Woodkid - Interview ("Libération") - 03 décembre 2022
Auteur-compositeur-interprète, réalisateur, musicien et graphiste
03 décembre 2022
"Libération" - Interview par Patrice Bardot
Interview publiée après la sortie de L'Emprise dont Woodkid a composé sept chansons. Il a également réalisé la conception graphique de l'album. Cet entretien est consacré aux visuels créés.
La collaboration
Elle prend sa source avec mon second album, S16 (2020), où graphiqement je m'étais caché derrière un double numérique que j'avais dessiné avec mes machines. Cela l'a séduite parce que c'est lié au mystère et à l'imaginaire. Dès notre première rencontre, il y a un an et demi, elle m'a dit : "Peu importe le nombre de chansons sur lesquelles tu travailleras, j'adorerais que tu fasses la pochette." Elle est donc venue me chercher à la fois pour la musique et les images. Elle voulait un peu de mon monde. Mais je ne pense pas avoir dirigé quoique ce soit, je me suis laissé emporter dans son univers, Mylène possède un avis très affirmé sur ce qu'elle veut dire et ce qu'elle veut faire.
Le point de départ
J'avais envie d'un album qui soit presque de l'héroic fantasy, l'emmener dans un univers très baroque, lyrique, un peu guerrier mais aussi extrêmement romantique et intime.
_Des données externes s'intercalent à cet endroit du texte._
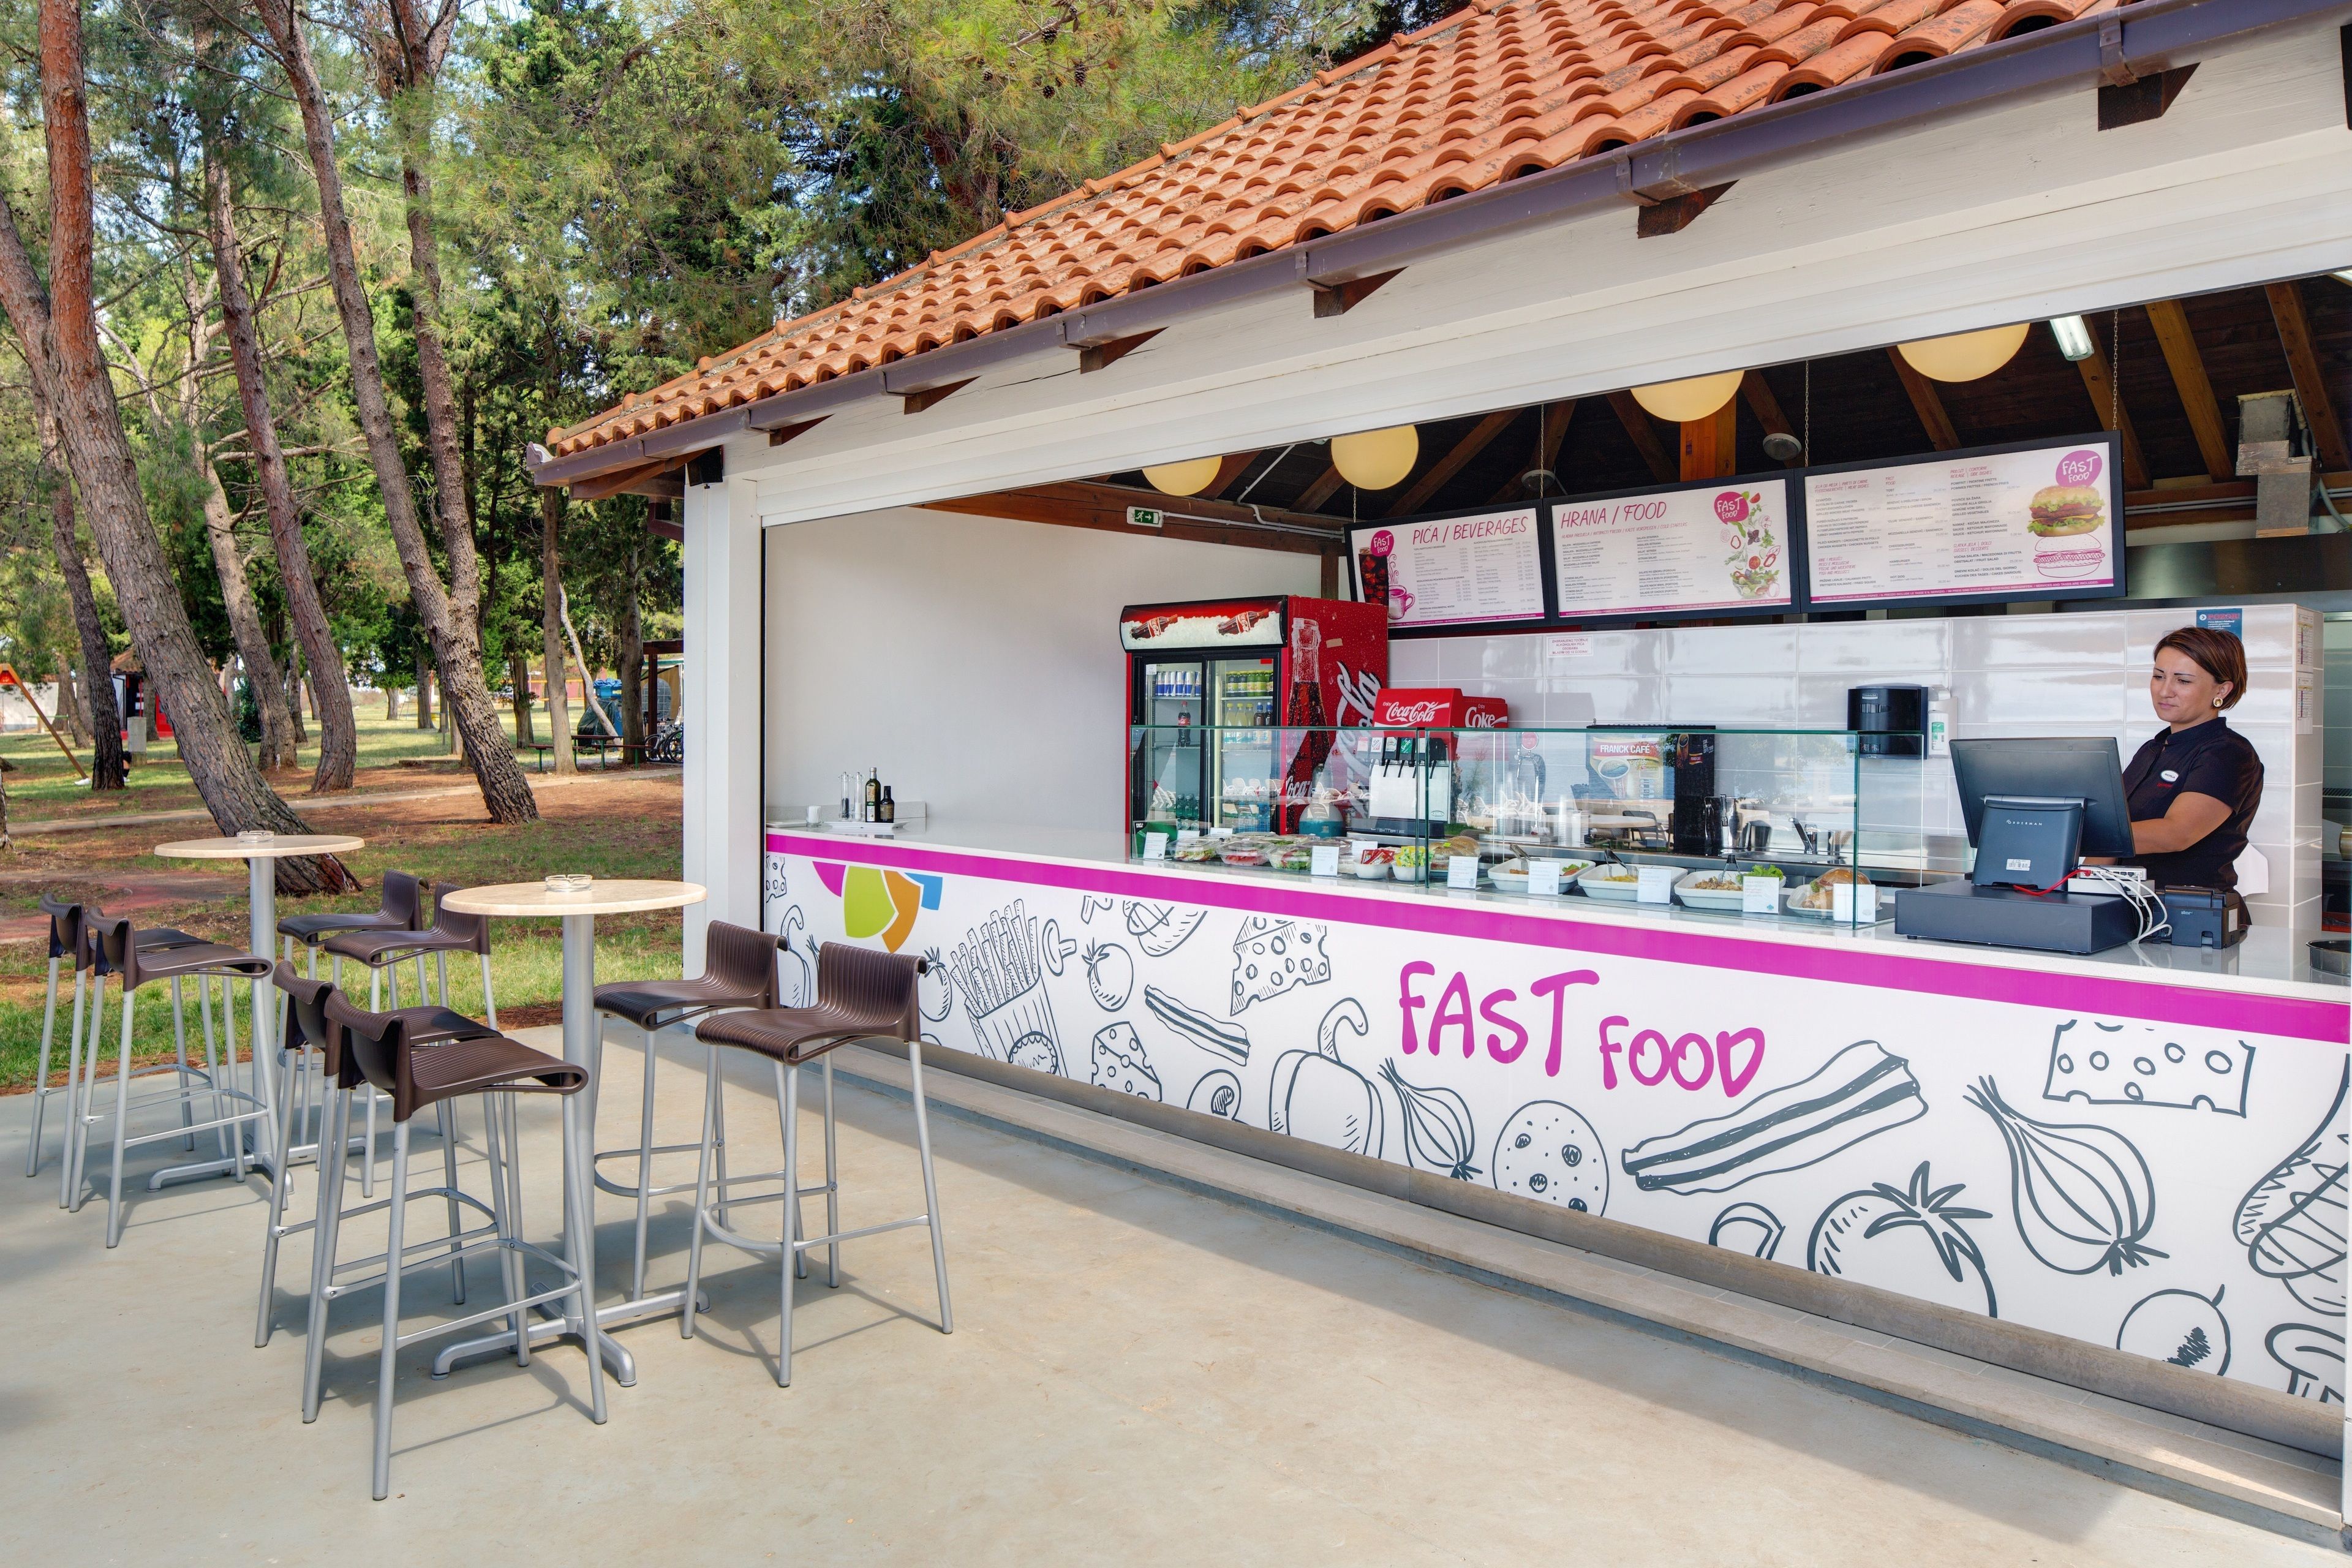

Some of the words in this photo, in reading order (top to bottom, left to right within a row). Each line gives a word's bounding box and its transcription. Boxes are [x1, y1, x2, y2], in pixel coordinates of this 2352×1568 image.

[2062, 456, 2098, 475] FAST
[2068, 472, 2089, 483] FOOD
[1717, 497, 1744, 513] FAST
[1722, 509, 1738, 519] FOOD
[1561, 508, 1607, 529] HRANA
[1612, 506, 1619, 525] /
[1624, 501, 1667, 522] FOOD
[1412, 525, 1438, 545] PIĆA
[1442, 526, 1450, 543] /
[1453, 516, 1529, 541] BEVERAGES
[1373, 533, 1393, 548] FAST
[1385, 701, 1449, 723] Coca-Cola
[1464, 706, 1497, 728] Coke
[1600, 745, 1629, 753] FRANCK
[1630, 744, 1650, 754] CAFÉ
[1399, 960, 1600, 1077] FAST
[1599, 1015, 1765, 1098] FOOD
Puis elle est arrivée avec le thème fondateur de l'intime, de l'emprise, de l'ultrasensisble. Il fallait exposer en images ce trouble sublime qui la définit, entre implicite et explicite. On s'est amusé en se demandant : "Si on te dénudait ? Si on te tirait les cheveux en arrière ?" Pour qu'on la montre comme jamais on ne l'avait montrée avant. Et c'est ce que devrait être un artiste, un personnage qui se dévoile, mais qui, en même temps, est une fiction.
La typo
On a travaillé avec Samuel de chez Regular. Il a amené ce rouge pantone très pétant. C'est une sorte de coup de poing pour réveiller le côté un peu mélancolique de l'image. Mais c'est le frère de Mylène qui a eu l'idée de mettre le texte sur le côté comme dans les disques d'imports japonais et on retrouve ainsi l'emprise avec cette bande de papier qui enserre l'album.
L'avatar
Il a été conçu grâce à la photogrammétrie qui consiste à prendre énormément de clichés du sujet puis de le remodéliser, comme une poupée numérique. J'ai dû reconstruire les cils un par un, replanter les cheveux, aller chercher des poses, des émotions dans les yeux. Il fallait que ce soit réaliste mais en même temps que cela crée un trouble. On ne sait pas si c'est vrai ou si c'est faux et cela définit bien Mylène. Il y a comme une idée d'illusion, de prestidigitation dans cette image. Quand elle a vu les premiers rendus, j'ai eu l'impression qu'elle se regardait dans un miroir, mais qu'en même temps, elle découvrait une autre personne.